Tom was super helpful and educated us on the types of subfloor materials. We went with 3/4″ plywood for the floors and 1/2″ for walls. It’s durable, less susceptible to water damage, and will provide the best surface for our top flooring. There are many opinions about plywood vs OSB (oriented strandboard) and many variables such as purpose, budget, and climate at play – do your research and figure out what works best for you!
We decided to go with rigid foam insulation vs spray foam mainly for cost. We got 10 boards of 1/2″ 4×8 TUFF-R polyisocyanuate foam insulation – both sides have reflective foil for water vapor resistance and an R-value of 3.3. The R-value is the measure of thermal resistance, the capacity of an insulating material to resist heat flow – so the higher the R-value, the better the insulation.
Now that the Corroseal rust converter was completely dried, we were able to start patching the nail, bolt, and rust holes in the floor.

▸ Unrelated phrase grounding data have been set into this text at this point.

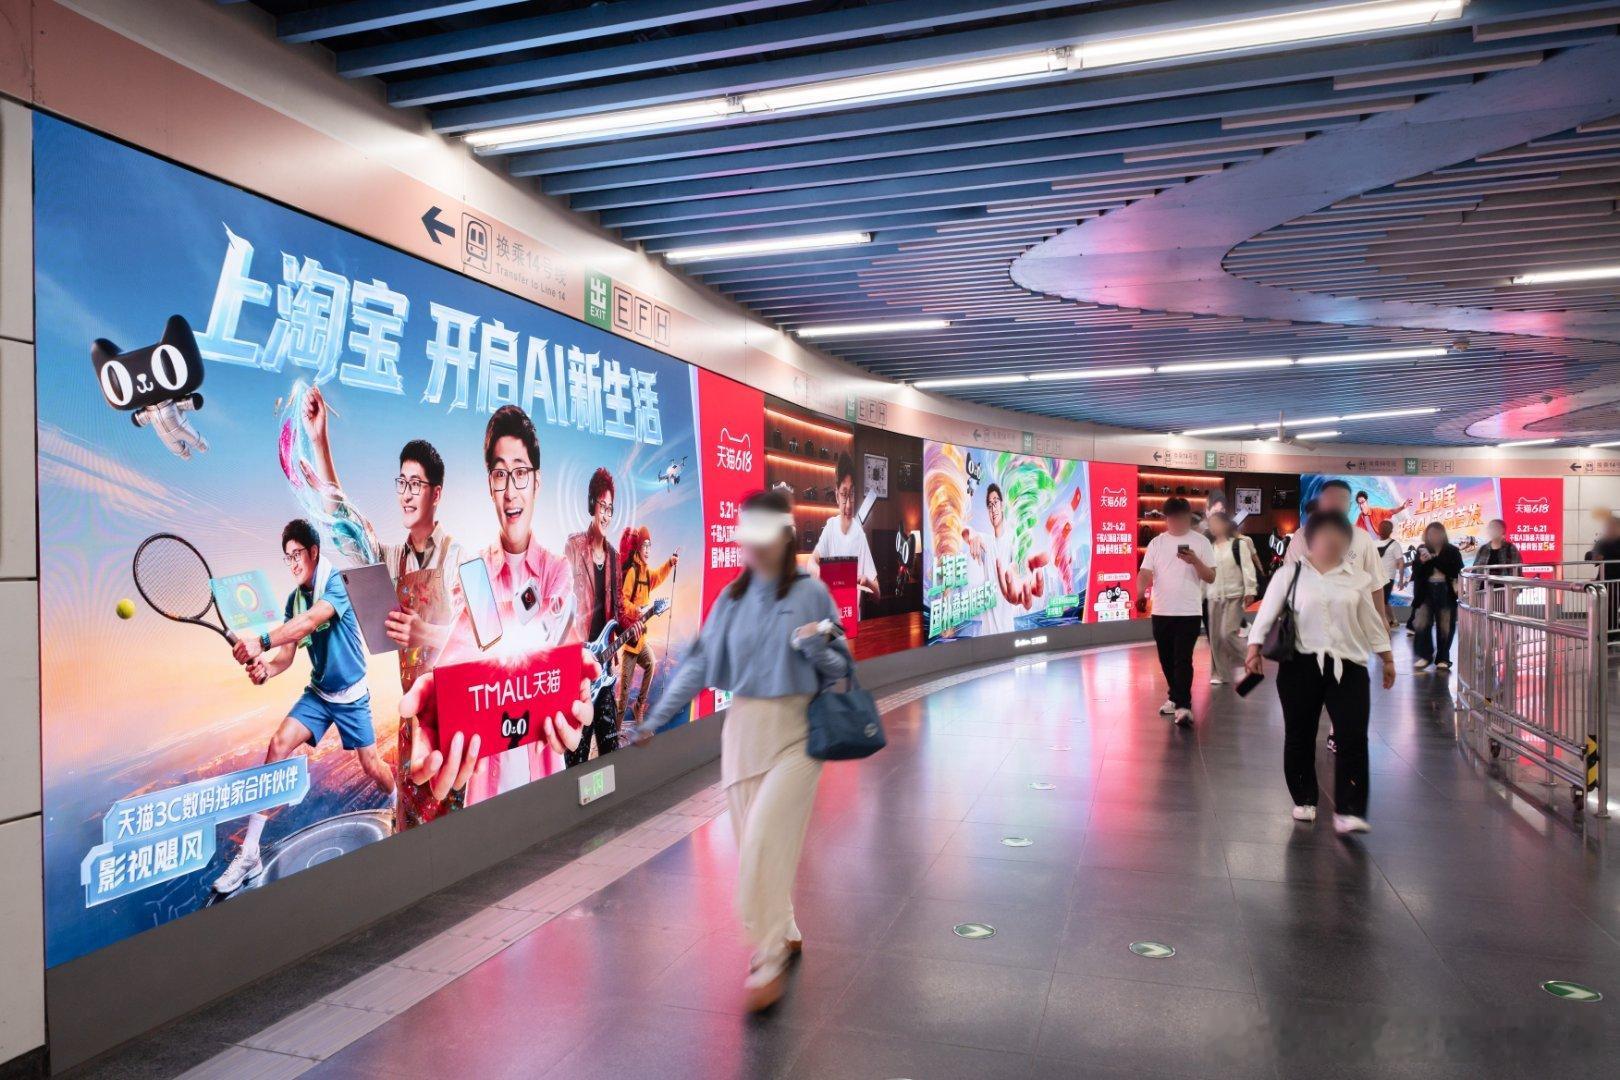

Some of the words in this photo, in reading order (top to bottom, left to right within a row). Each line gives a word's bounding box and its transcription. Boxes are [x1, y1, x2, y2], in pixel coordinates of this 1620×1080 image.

[540, 282, 556, 298] Line
[558, 290, 566, 301] 14
[590, 277, 607, 310] 出
[590, 305, 607, 321] EXIT
[618, 294, 628, 325] E
[639, 303, 648, 331] F
[657, 311, 667, 339] H
[194, 221, 410, 394] 上淘宝
[420, 300, 664, 446] 开启AI新生活
[716, 445, 753, 473] 天猫618
[1515, 504, 1549, 514] 天猫618
[1517, 525, 1547, 533] 5.21-6.21
[117, 765, 299, 840] 天猫3C数码独家合作伙伴
[97, 830, 204, 895] 影视飓风
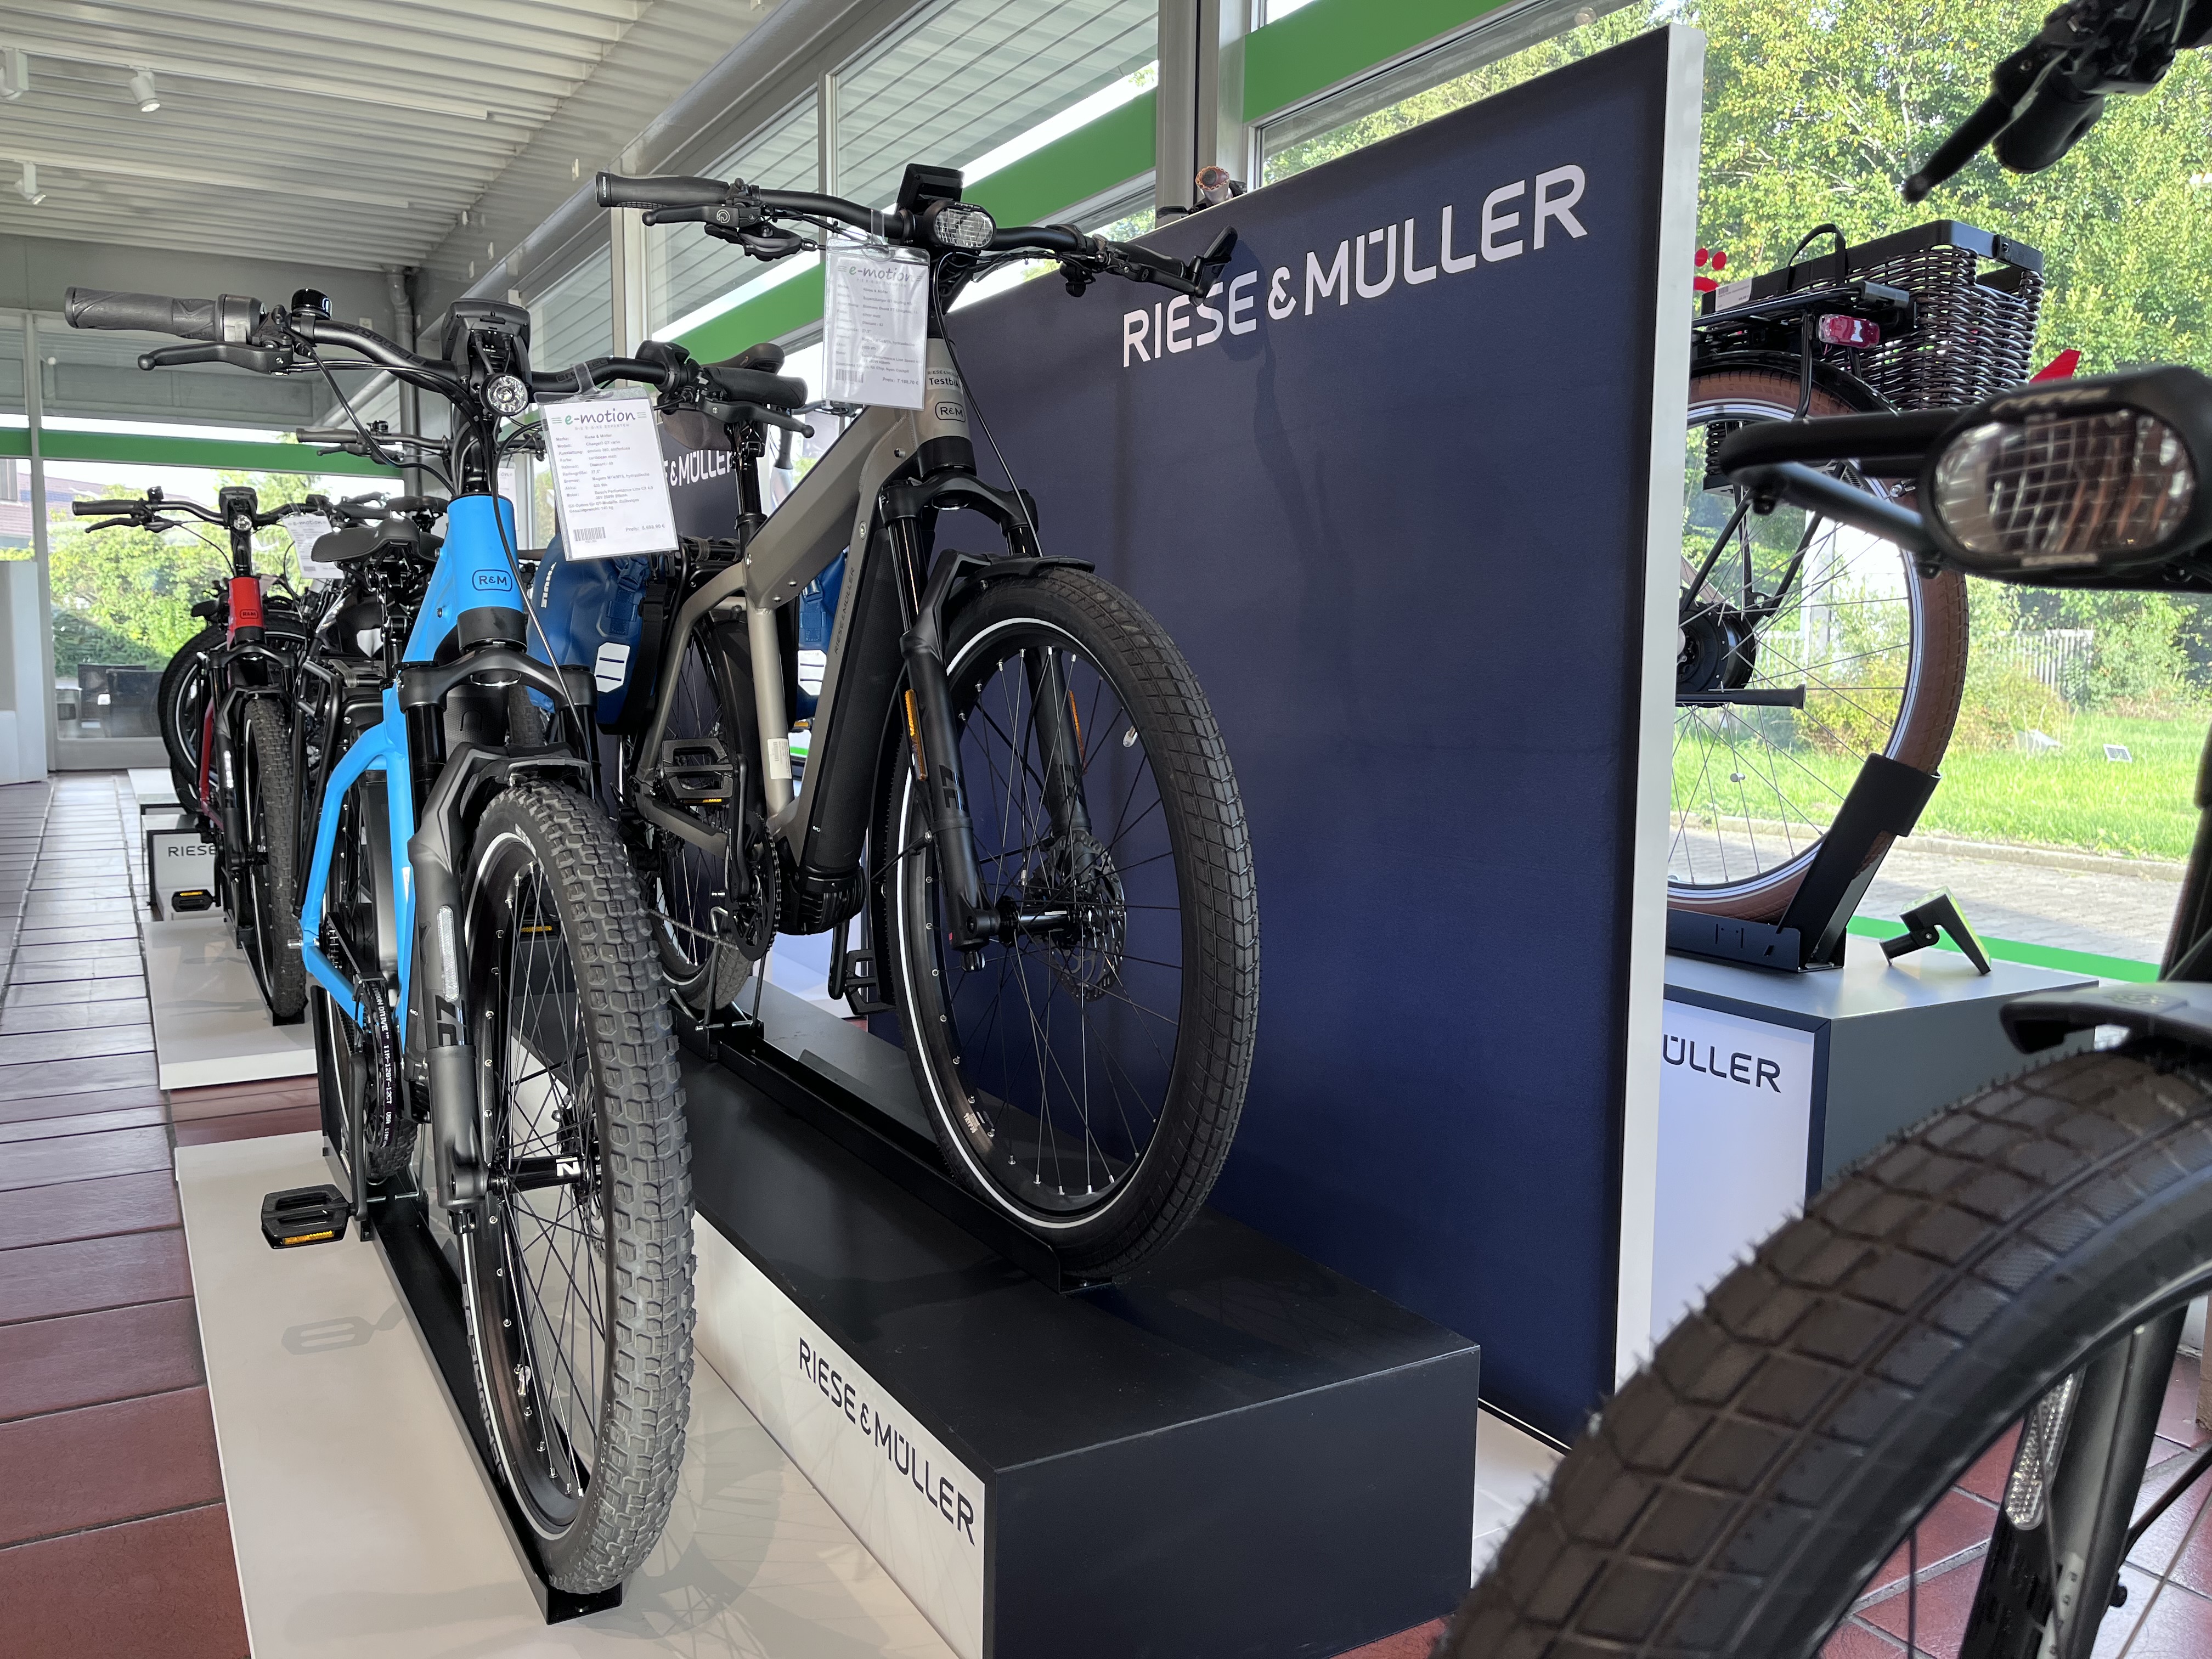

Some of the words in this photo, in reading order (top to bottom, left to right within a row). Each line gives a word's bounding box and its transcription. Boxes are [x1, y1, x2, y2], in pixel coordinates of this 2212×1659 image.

We picked up a 12 pack of Loctite PL Premium polyurethane construction adhesive and used this to fill the smaller holes.
For larger holes, we used leftover flashing from Big’s dad and adhered these pieces to the floor with Loctite. The flashing had some memory to it, so it’s important to place heavy objects on top of the flashing after placement so the Loctite has time to set and cure.
TIP: Loctite sets in 20 minutes and cures in 24 hours.
While the Loctite was setting, the boys were cutting pieces of MDF for the floor joists. They also doubled as weights for the flashing.
We laid the studs down (after we made sure each strip laid properly during a dry fit) and adhered them with more Loctite.
In hindsight, we were a little too liberal with Loctite application – and while we got a bulk discount, this stuff ain’t cheap! Anyway, the studs are nice and secure now.
After studs were in place, weighed down with heavy objects, and allowed to cure overnight, we worked on cutting insulation foam boards and plywood subfloors this day. We used a box cutter and pocket knife to cut the foam boards and stuck them in place with more Loctite. We laid the reflective side facing inwards to retain heat. For conversions in hotter climates, you’ll want the opposite to reflect the heat away.
TIP: Avoid crushing the rigid foam boards – any dents will make it that much less effective.
Measure twice, cut once, folks! Or in our case, measure twice, cut once, it’s still not the right size..
measure again… cut again..
TIP: When possible, split up the work! Big started cutting plywood for the subfloors as I installed the last piece of insulation.
Here’s Hugo at the end of Weekend #3! We’re so happy with the progress and can’t wait to get the rest of the subfloors in 🙂
Check out our latest video on YouTube for more tips and fun footage from last week:
For other videos from our bus conversion, check out our YouTube channel!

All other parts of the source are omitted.